Unstable as water he could not excel nor endure, however, even in dalliance; nor persevere even when adopted as the fidus Achates of a good and beautiful woman—the poor little weather-cock. He was essentially weak, and weakness is worse than wickedness. There is hope for the strong bad man. He may become a strong good one. Your weak man can never be that.
There came a lady to the Great Eastern Hotel where Augustus lived. Her husband’s name, curiously enough, was Harris, and wags referred to him as the Mr. Harris, because he had never been seen—and like Betsey Prig, they “didn’t believe there was no sich person”. And beyond doubt she was a spanker.
Augustus would sit and eye her at meals—and his face would grow a little less attractive. He would think of her while he took tea with Mrs. and Mr. Dearman, assuring himself that she was certainly a stepper, a stunner, and, very probably,—thrilling thought—a wrong ’un.
Without the very slightest difficulty he obtained an introduction and, shortly afterwards, decided that he was a man of the world, a Decadent, a wise Hedonist who took the sweets of every day and hoped for more to-morrow.
Who but a fool or a silly greenhorn lets slip the chances of enjoyment, and loses opportunities of experiences? There was nothing in the world, they said, to compare with War and Love. Those who wanted it were welcome to the fighting part, he would be content with the loving role. He would be a Dog and go on breaking hearts and collecting trophies. What a milk-and-water young ass he had been, hanging about round good, silly, little Mrs. Dearman, denying himself champagne at dinner-parties, earning opprobrium as a teetotaller, going to bed early like a bread-and-butter flapper, and generally losing all the joys of Life! Been behaving like a backfisch. He read his Swinburne again, and unearthed from the bottom of a trunk some books that dealt with the decadent’s joys,—poets of the Flesh, and prosers of the Devil, in his many weary forms.
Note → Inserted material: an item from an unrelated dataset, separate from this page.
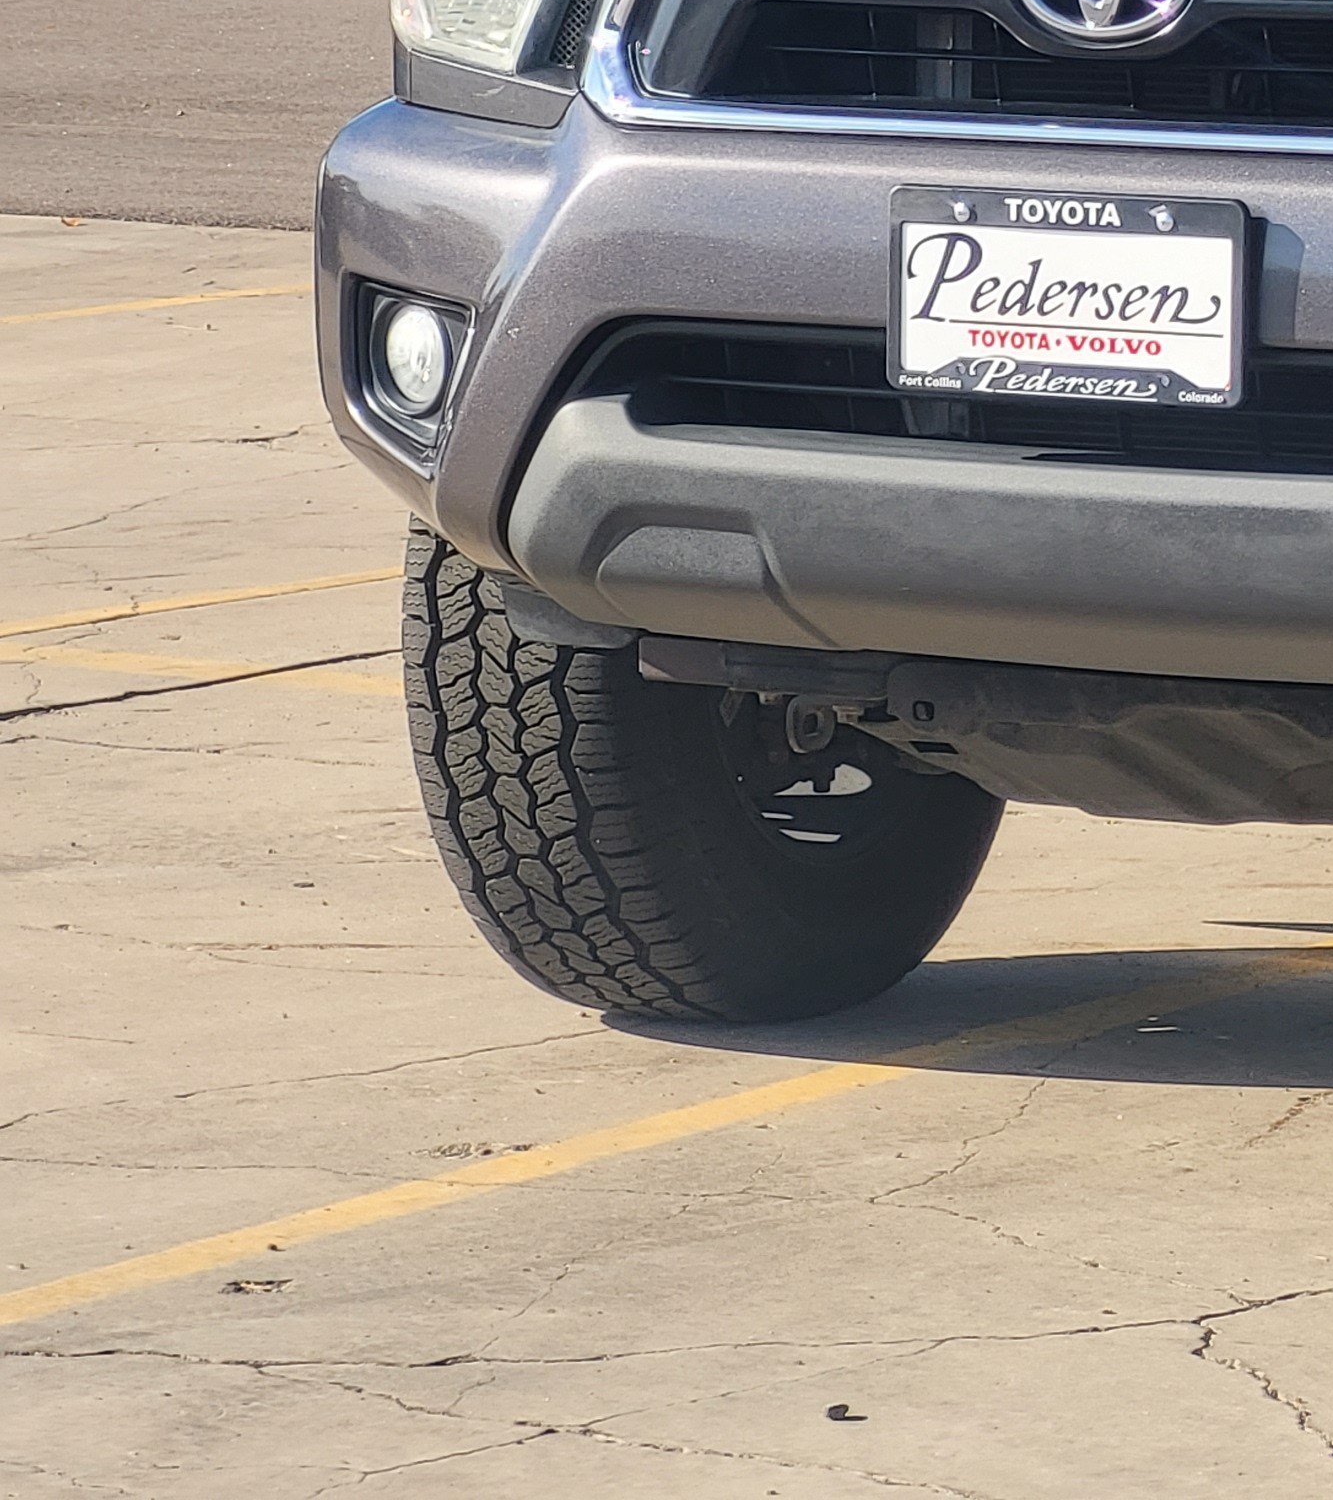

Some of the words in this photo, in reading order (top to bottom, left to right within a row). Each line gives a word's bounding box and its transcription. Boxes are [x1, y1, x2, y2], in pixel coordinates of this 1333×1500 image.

Also he redoubled his protestations (of undying, hopeless, respectful devotion and regard) to Mrs. Dearman, until she, being a woman, therefore suspected something and became uneasy.
One afternoon he failed to put in an appearance at tea-time, though expected. He wrote that he had had a headache. Perhaps it was true, but, if so, it had been borne in the boudoir of the fair spanker whose husband may or may not have been named Harris.
As his absences from the society of Mrs. Dearman increased in frequency, his protestations of undying gratitude and regard for her increased in fervour.
Mrs. Dearman grew more uneasy and a little unhappy.
Could she be losing her influence for Good over the poor weak boy? Could it be—horrible thought—that he was falling into the hands of some nasty woman who would flirt with him, let him smoke too many cigarettes, drink cocktails, and sit up late? Was he going to relapse and slip back into that state of wickedness of some kind, that she vaguely understood him to have been guilty of in the unhappy past when he had possessed no guardian angel to keep his life pure, happy and sweet, as he now declared it to be?